= WORK INSTRUCTIONS =
Write out the records again, exactly, leaving none out.

Excerpts from a dataset:
──────

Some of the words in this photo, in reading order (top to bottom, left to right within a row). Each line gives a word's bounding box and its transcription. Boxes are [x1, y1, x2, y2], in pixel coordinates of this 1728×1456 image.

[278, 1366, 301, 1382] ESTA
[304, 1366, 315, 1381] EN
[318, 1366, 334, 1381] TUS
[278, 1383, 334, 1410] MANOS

──────

= YOUR SOLUTION =
Some of the words in this photo, in reading order (top to bottom, left to right within a row). Each line gives a word's bounding box and its transcription. Boxes are [x1, y1, x2, y2], in pixel coordinates of this 1728×1456 image.

[278, 1366, 301, 1382] ESTA
[304, 1366, 315, 1381] EN
[318, 1366, 334, 1381] TUS
[278, 1383, 334, 1410] MANOS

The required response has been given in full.